:: REQUIREMENT ::
Without any pictures, output the records exactly as they are.

:: INFORMATION SHOWN ::
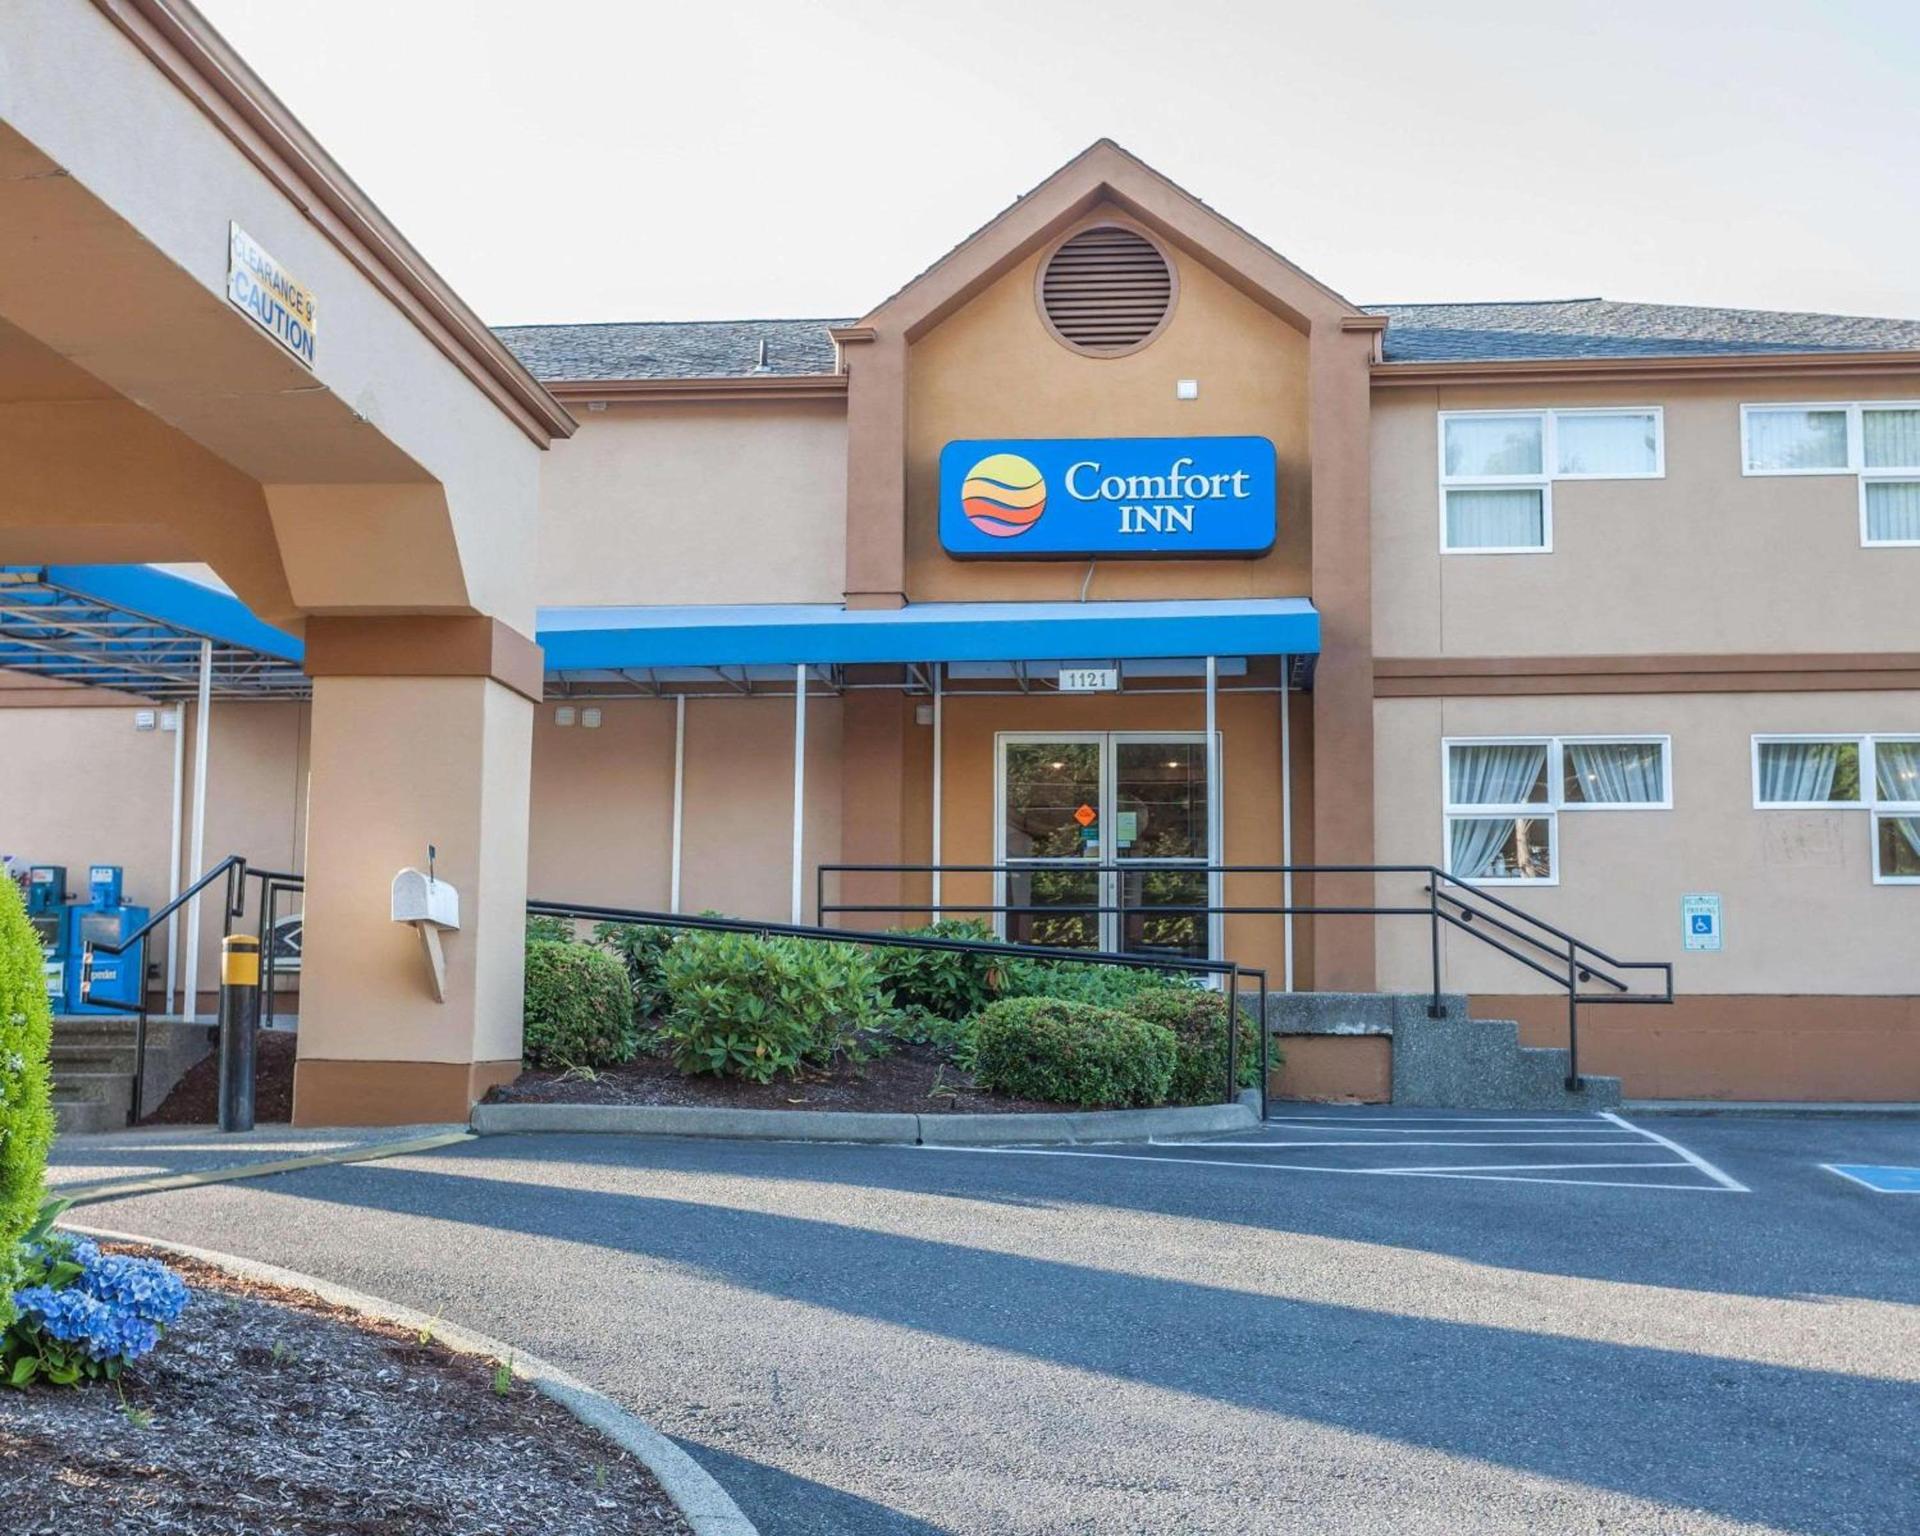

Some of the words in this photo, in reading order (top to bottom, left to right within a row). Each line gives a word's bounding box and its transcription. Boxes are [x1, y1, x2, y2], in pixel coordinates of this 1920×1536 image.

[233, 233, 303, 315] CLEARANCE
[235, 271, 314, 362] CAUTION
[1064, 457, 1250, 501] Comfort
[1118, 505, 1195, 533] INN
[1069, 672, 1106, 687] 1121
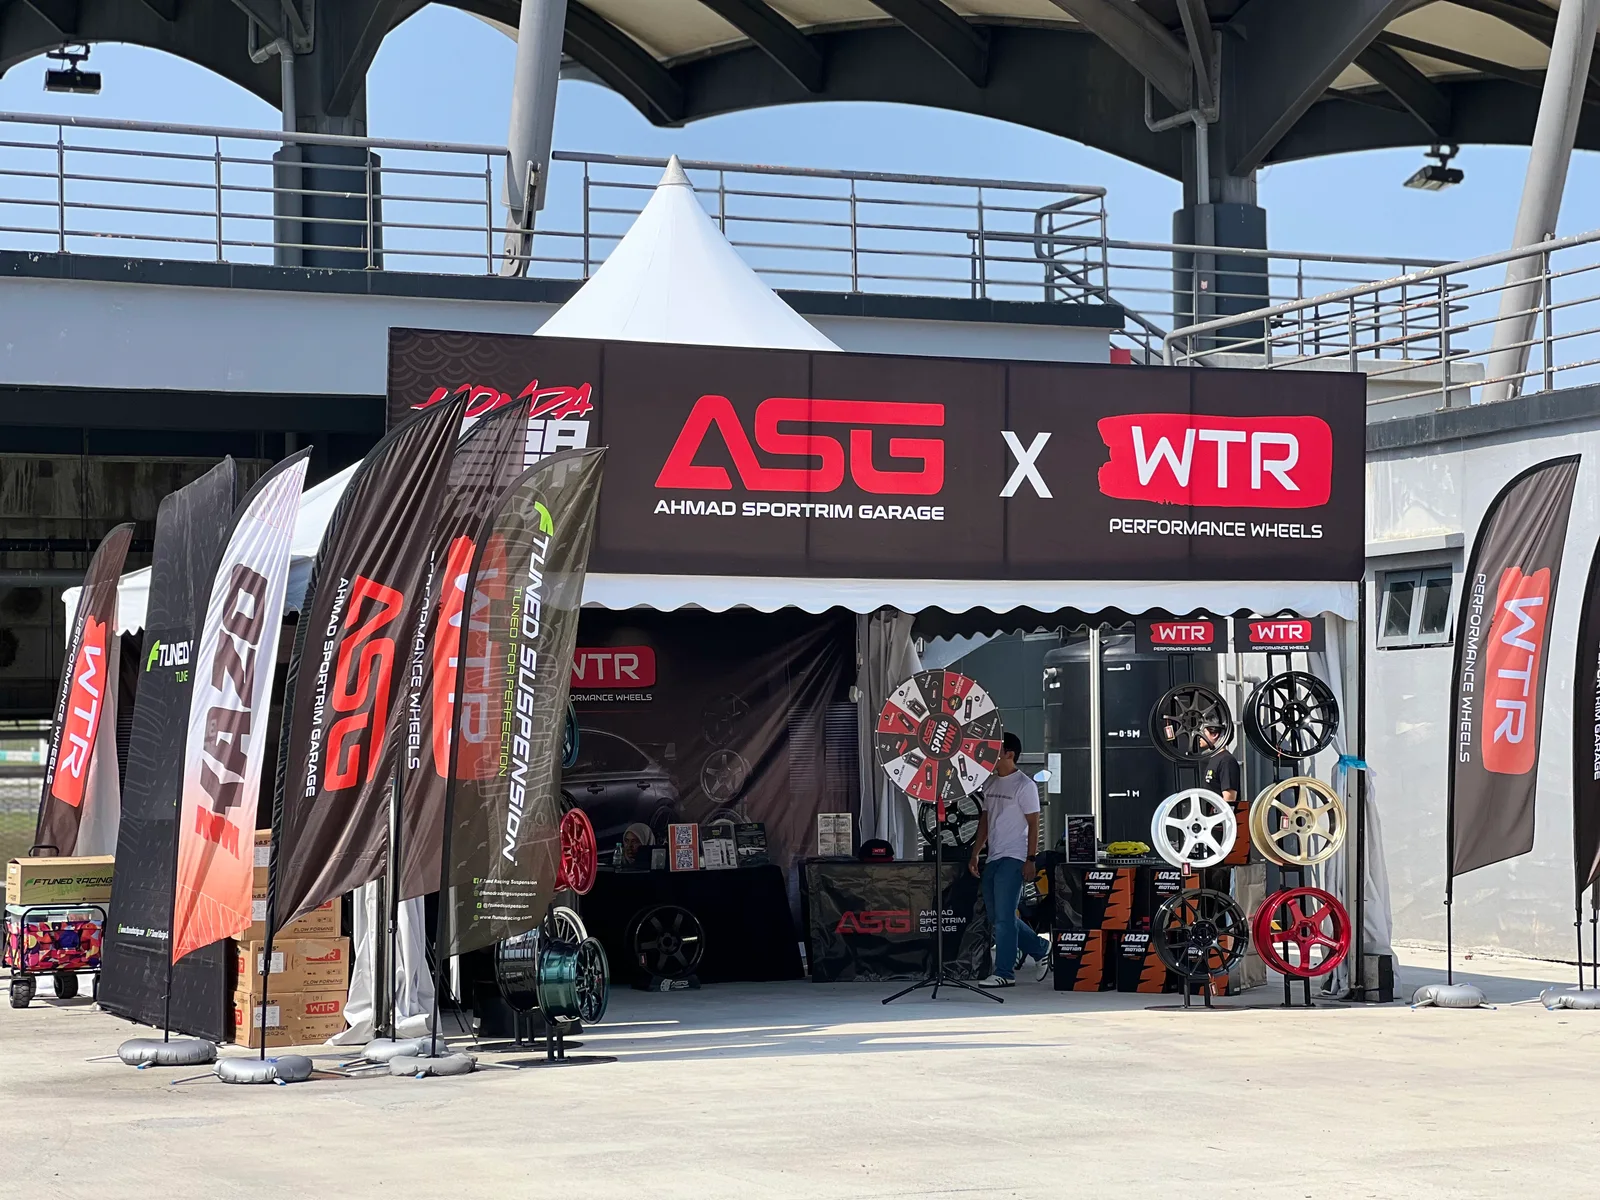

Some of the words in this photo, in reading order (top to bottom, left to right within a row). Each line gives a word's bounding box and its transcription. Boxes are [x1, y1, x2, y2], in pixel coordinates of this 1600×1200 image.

:: FINAL ANSWER ::
Some of the words in this photo, in reading order (top to bottom, left to right within a row). Each line gives a word's bounding box and its transcription. Boxes are [x1, y1, x2, y2], in pixel coordinates of this 1920×1536 image.

[233, 233, 303, 315] CLEARANCE
[235, 271, 314, 362] CAUTION
[1064, 457, 1250, 501] Comfort
[1118, 505, 1195, 533] INN
[1069, 672, 1106, 687] 1121

Some of the words in this photo, in reading order (top to bottom, left to right within a row). Each line gives a word's bounding box and its transcription. Boxes are [x1, y1, x2, y2], in pixel coordinates of this 1600×1200 image.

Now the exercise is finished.